How is this for timing? I searched for a recent workshop to write about – as an example of something I learned or made because of steampunk. I had already written about my articulated aviator wings in On Making My Steampunk Wings. I contemplated posting about a recent corset workshop, but that was not exclusively steampunk related (though I did make a new corset for my aviatrix outfit).
I had completely forgotten about this month’s Costumers’ Guild workshop on painting steampunk guns. Over the past few years we have been collecting interesting Nerf guns, water pistols from cheap shops, opshops or garage sales. Now we get the fun of steampunking them up.
The workshop was fun; my artistic muse came out to play. I created a new individually-crafted steampunk accessory and practiced the philosophy of reusing and re-purposing items. A win-win.
Then I thought, rather than write this post about the workshop itself, I could share what I learnt – creating a virtual classroom, and invite you to try it out for yourself.
Last weekend I learned the basics involved in painting up a plastic gun. Here they are:
- First you need find a toy gun or water pistol to use as a base.
- Start collecting bits and bobs – bottle lids, tubing, bolts, small plumbing bits – anything that can be glued on to make it look cool. I also have some brass candlesticks that I am planning on using for another weapon. You can buy bits, but I love finding interesting shaped bits and reusing them.
- Sand back – using fine sandpaper to rough up the smooth plastic surface, so paint will adhere to the gun.
- Unscrew the bits – lay them out so all areas will be accessed when spray painting.
- spray paint primer undercoat – to allow the paint to stick to the glossy plastic
- some decorative bits will be glued on before painting. Others, such as clear tubes, are best attached after painting the rest of the gun (and the pretty bit), so all areas are accessible. Glues such as two-part apoxy, PVA glues, superglue and hot glue guns (though these don’t handle heat very well) can be used, depending on what materials you are gluing.
- Painting metallic/coloured paints – gold, brass, silver, blue, green (whatever takes your fancy) to give the desired look. Acrylic paints (such as craft paints from Spotlight or craft stores) make it easier to clean up afterwards.
- some larger areas are best spray painted. Plastic bags and paint tape (sticky tape that does not pull off paint) can be used to mask areas to be unpainted.
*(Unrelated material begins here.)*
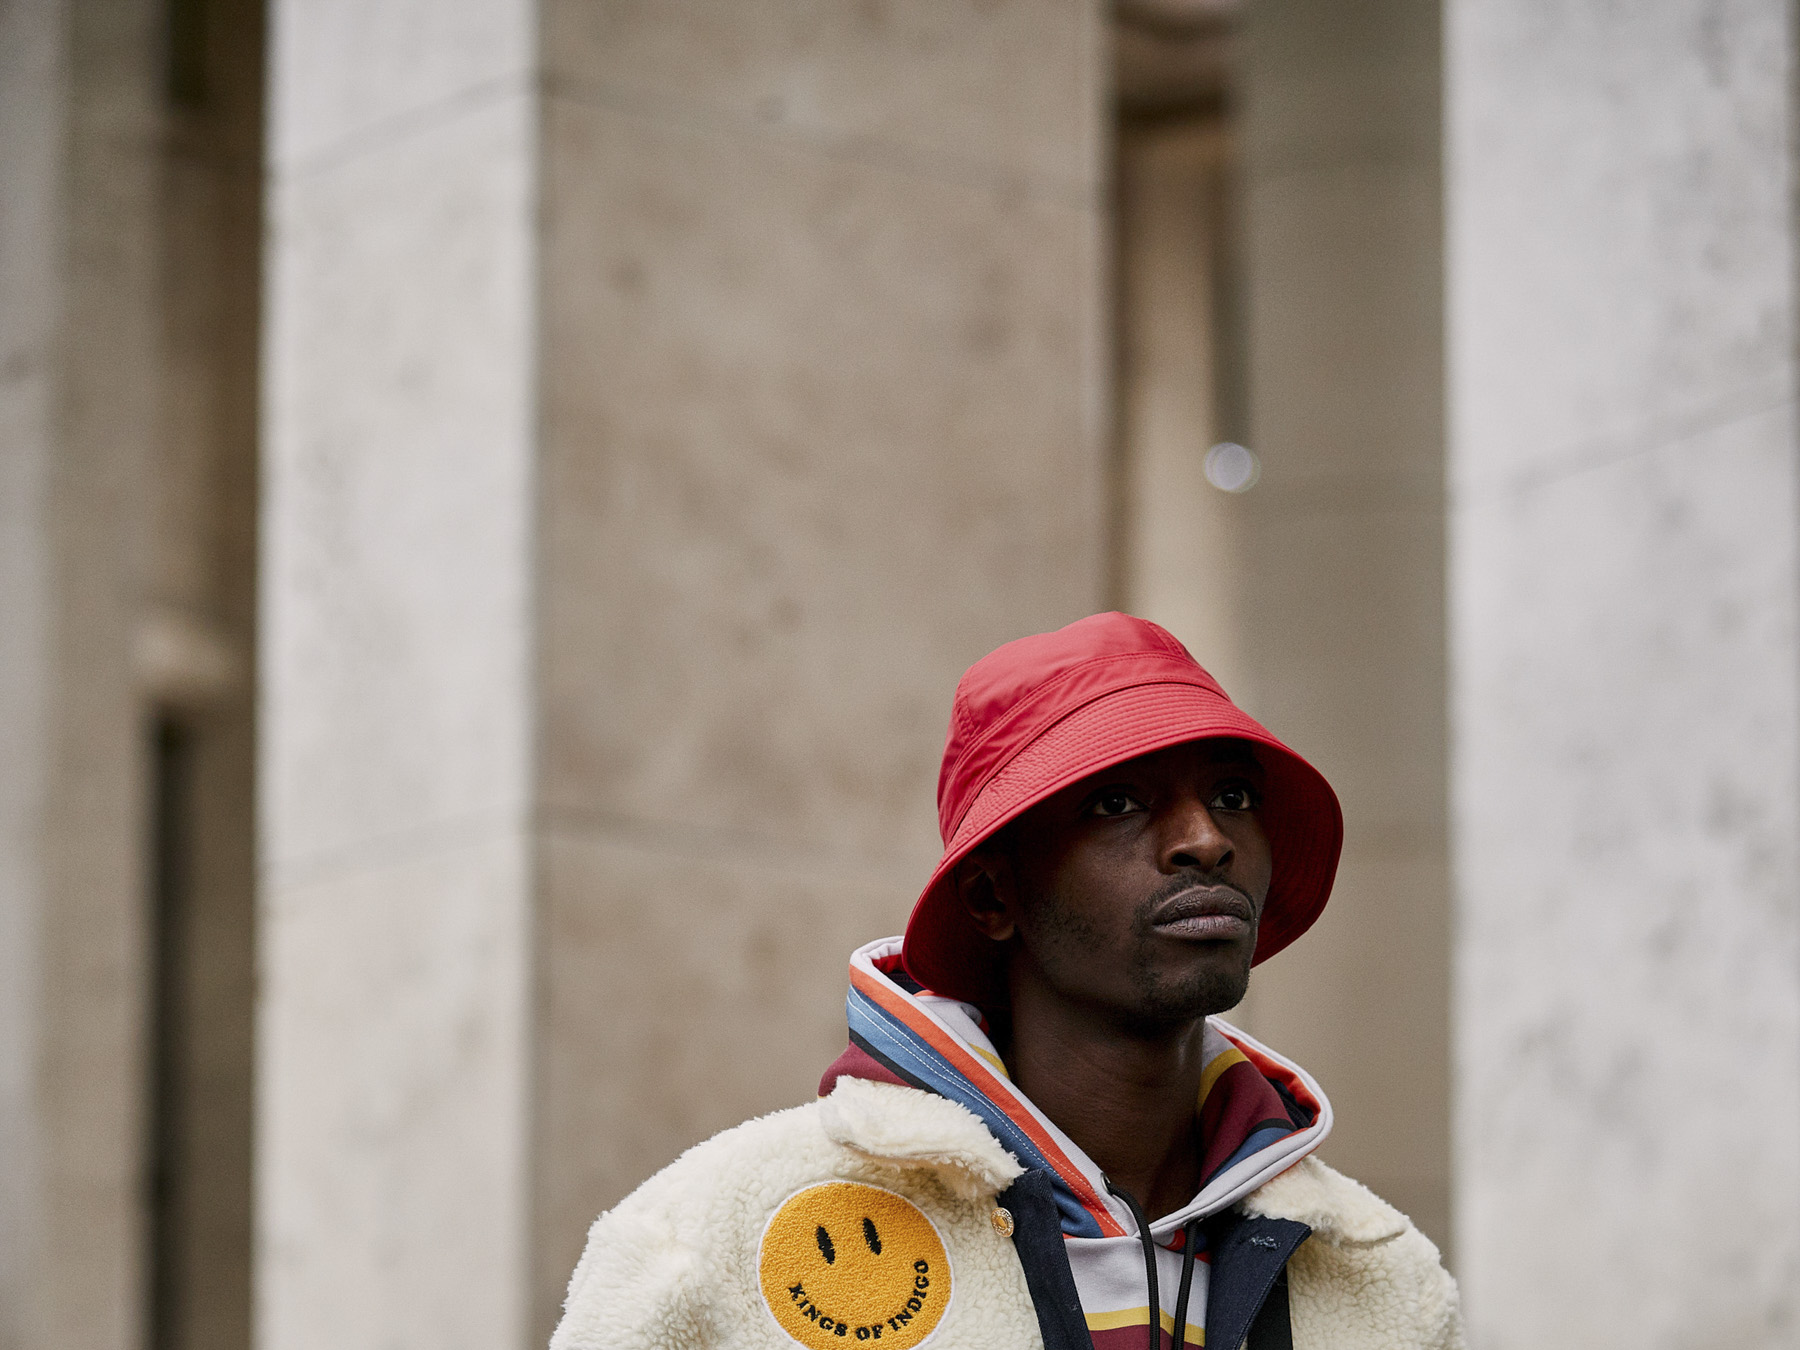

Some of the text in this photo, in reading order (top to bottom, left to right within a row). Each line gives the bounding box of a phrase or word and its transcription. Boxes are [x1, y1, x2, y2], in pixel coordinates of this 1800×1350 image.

[788, 1259, 929, 1341] KINGS OF INDIGO
- distressing the gun, by using paint washes (painting a watered down, black paint wash and allowing it to pool in crevices and wiping back from unwanted areas) or using rub and buff over black undercoat
- add a clear final coat to protect the paintwork and make it more durable.
- The last thing I added was the leather strips to the handle (so they were paint free)
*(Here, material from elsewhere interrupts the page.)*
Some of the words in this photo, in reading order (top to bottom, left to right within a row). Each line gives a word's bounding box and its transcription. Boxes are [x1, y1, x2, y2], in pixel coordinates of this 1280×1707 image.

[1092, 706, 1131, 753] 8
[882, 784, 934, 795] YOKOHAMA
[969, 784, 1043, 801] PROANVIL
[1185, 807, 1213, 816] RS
1. Undercoat (grey or black) 2. taping off sections to spray paint
3. handpainting with acrylic paints 4. Using rub and buff to make look used and aged
5. Gluing on tubes and final gun furniture. 6. Adding transfers and painting decals
Introducing my latest creation: It was originally an ex-Nickelodeon Slime Blaster, found at a garage sale for $2. It is now transmogrified into my latest invention -own personal weapon – The Pump-Action-Fairy-Eliminator (the very latest in Irksome Pennate-Being Negation Systems), perfect for my Fairy-hunter outfit (you know – those pesky little biters who insist on raining havoc on the human world)…
6. The finished Pump-Action Fairy Eliminator
Why don’t you give it go? Make a pair of steampunk wings or paint up an old toy gun – and share them with us? I would love to see your pictures.